Katherine is incredibly straightforward, from the moment Howard first meets her – she sizes him up and sums up the Hollywood scene in frank terms – as soon as you get too old, or they don’t know what to do with you, you’re “dead,” and “box office poison.” Oh well, she deems, we must get on with our lives, mustn’t we? She believes that the theater is preferable to the cinema, because it’s more “real” and she can better connect to the audience and innovate as she goes. She also thinks many people are shallow, because there are “more important things to discuss than movies,” such as the threat of Mussolini. She’s quite political and opinionated, and also doesn’t believe in beating around the bush with difficult conversations – “It’s best to just come out and say it.” She is quite fond of her family and falls back into her old routines the minute she gets home, takes an interest in everyone they know and what’s been going on around the place. Katherine enjoys bantering with her family around the dinner table, but also forgot to warn Howard about how they can be – combative, fast-moving conversations, and intense opinions, due to her lower Fi not remembering to factor in his feelings when introducing him to her family.

Enneagram: 1w2 sx/so

Katherine complains that movies have gotten so dirty in Hollywood, and they are “too violent” when remarking on how times have changed. She has a matter-of-fact way of addressing problems as they arise, and doesn’t beat around the bush when talking to Howard about the fact that she has fallen in love with somebody else. When she has been smoozing out in public, she feels bad about having left Howard on his own and not taken better care of him and apologizes for it, as if she feels bad for having drawn attention away from him to her own self.
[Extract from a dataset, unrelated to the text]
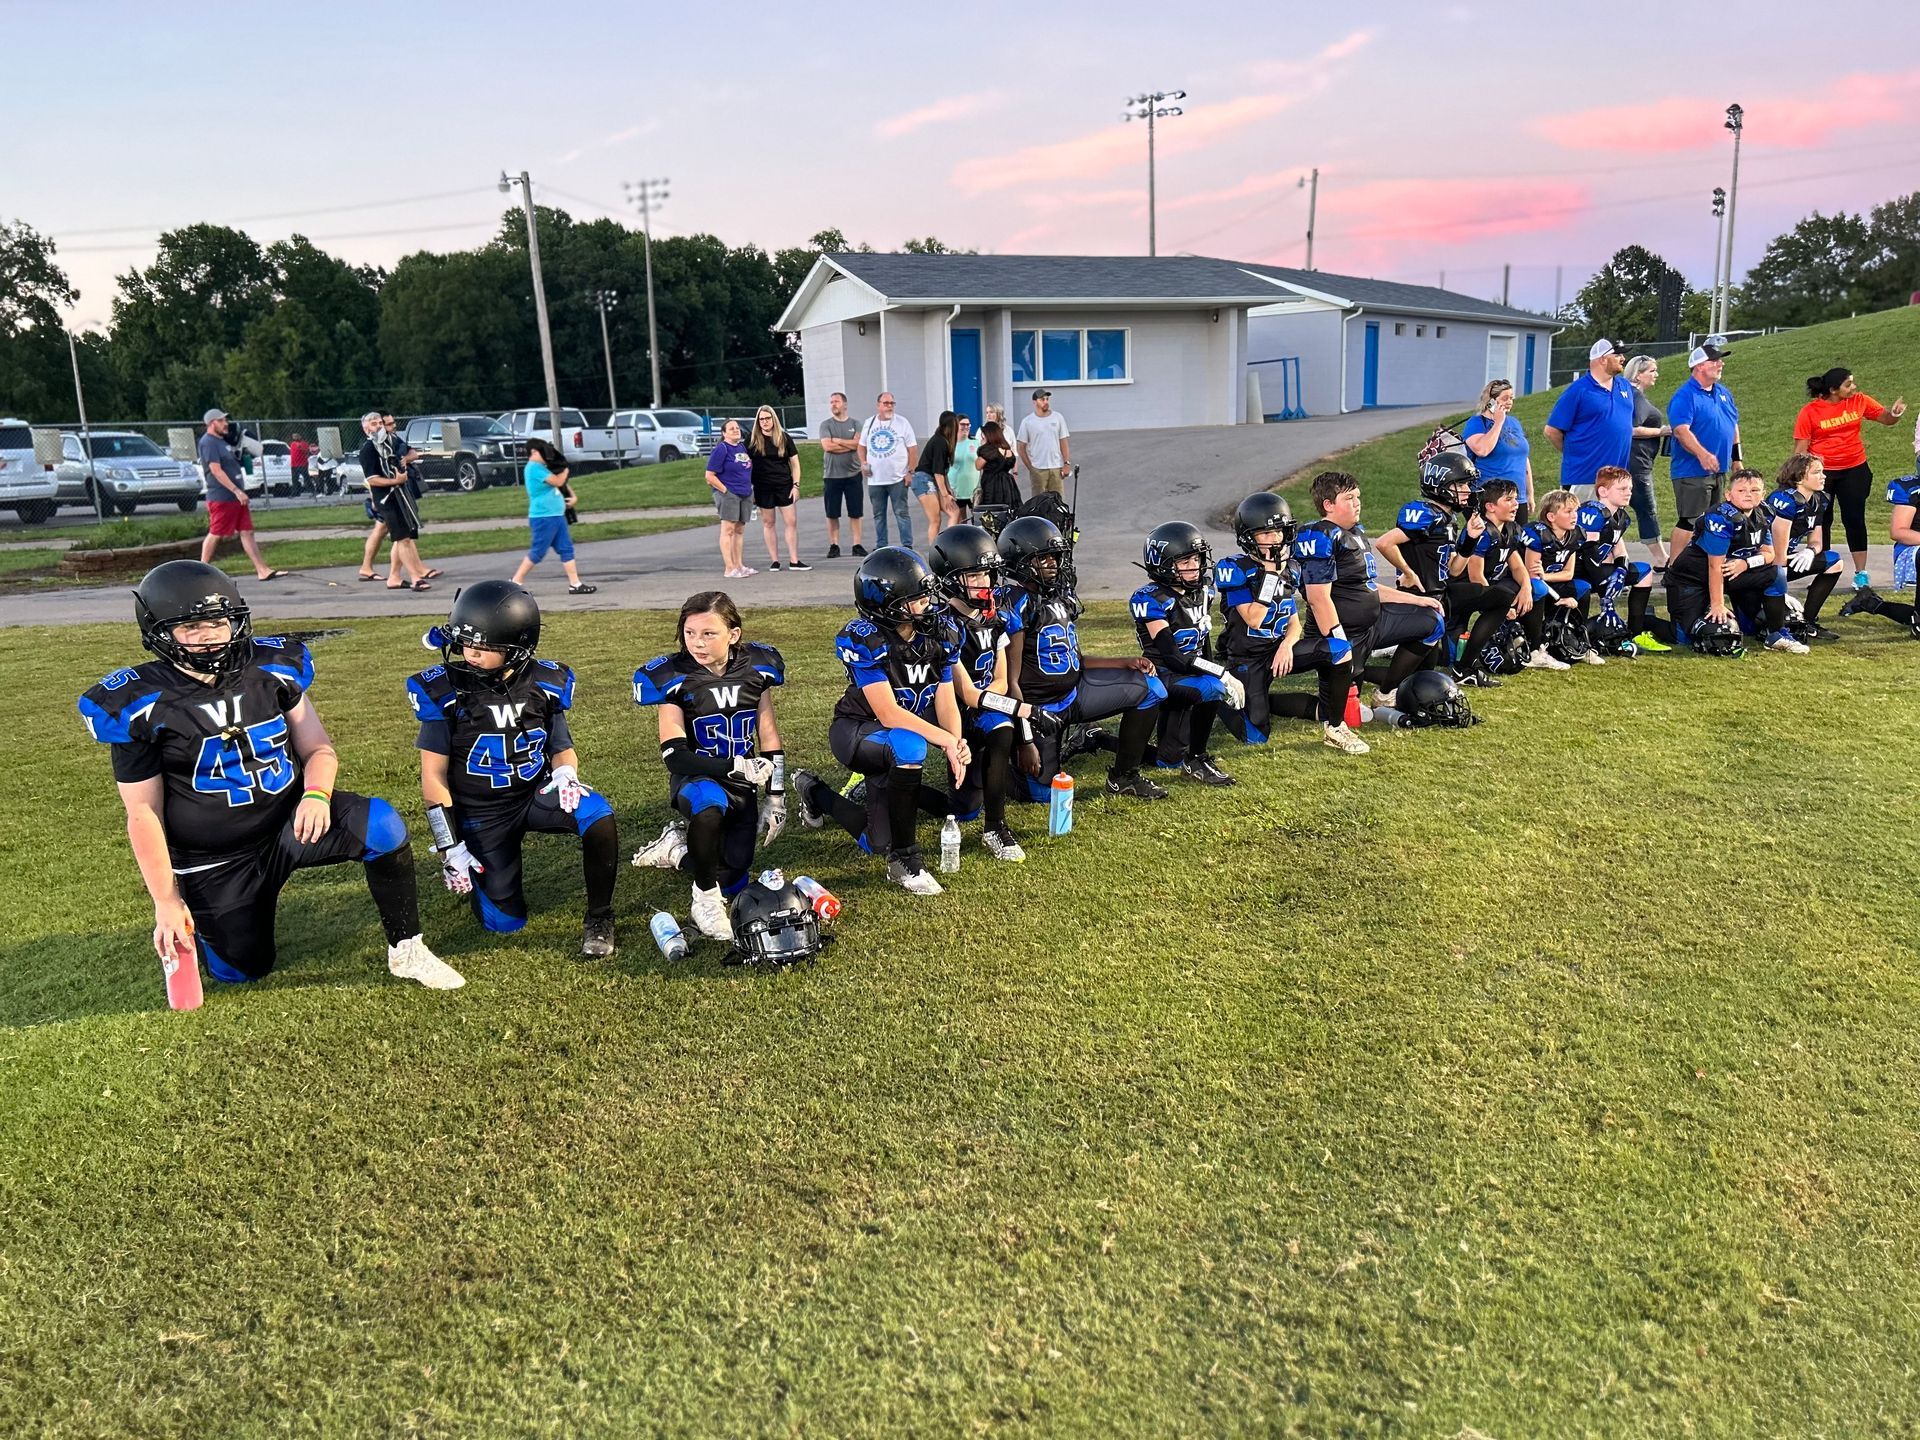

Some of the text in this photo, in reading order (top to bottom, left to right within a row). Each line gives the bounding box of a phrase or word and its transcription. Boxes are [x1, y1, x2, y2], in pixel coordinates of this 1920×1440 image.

Her 2 wing is prominent in how carefully she looks after and cares for Howard during their relationship; she wants to be the center of his world, and takes good care of him in return – looking after his physical needs, helping him deal with his panic attacks, and trying to smooth the way for him with other actors, producers, and even her own family. But she needs to be needed, and when she feels neglected, goes in search of love somewhere else. She’s also very angry about what she feels are the violations of the press, such as sending reporters to take photos of her family at her brother’s funeral (“there’s no decency to it!” she huffs). She also calls herself a vain, preening idiot.